Blending the rules

02/10/2005

It may not be immediately apparent but one of the decade's most significant marketing trends has been the linking of notions of quality and uniqueness with the geographical origin of a particular wine. So-called single vineyard wines in particular are often sold in limited numbers, at premium retail prices.

Many consumers buy them with the expectation that their aromas and flavours not only reflect characteristics of grape variety and vintage but also come with a sense of place or "terroir". More importantly, they are often regarded as highly desirable purchases on the grounds that they are invariably better and more interesting wines than those created by blending together parcels of grapes or wines from separate vineyard locations.

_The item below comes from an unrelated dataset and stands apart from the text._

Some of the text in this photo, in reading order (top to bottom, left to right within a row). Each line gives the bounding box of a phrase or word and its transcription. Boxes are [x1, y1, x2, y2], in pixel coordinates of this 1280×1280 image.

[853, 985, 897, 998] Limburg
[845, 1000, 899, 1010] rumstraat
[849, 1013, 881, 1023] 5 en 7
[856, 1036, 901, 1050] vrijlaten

"Tasmanian Riesling? We can kill anything made in Australia..."
"Tasmanian Riesling? We can kill anything made in Australia..."

Purity of origin is seen as a winning formula in many areas of marketing, says award-winning Tasmanian winemaker Julian Alcorso. 

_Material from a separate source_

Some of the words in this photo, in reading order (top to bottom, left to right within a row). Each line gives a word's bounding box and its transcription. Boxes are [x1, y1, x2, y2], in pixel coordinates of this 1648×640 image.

The trouble is, the concept of purity of wine origin - what Alcorso calls `singularity' - may not always be backed by a product that's been made to an exacting level of quality. Just look at the results of the recent 2005 Tasmanian Wine Show, he says. The vast majority of the event's 450 entries were drawn from single vineyard sites all over the State, yet half its top 50 medal winners were multi-vineyard blends made by companies like Bay of Fires and Tamar Ridge.

Not surprisingly, the master craftsman behind trophy winners like the 2005 The Wine Society Tasmanian Riesling would prefer to see such blends being more highly fancied by premium wine consumers.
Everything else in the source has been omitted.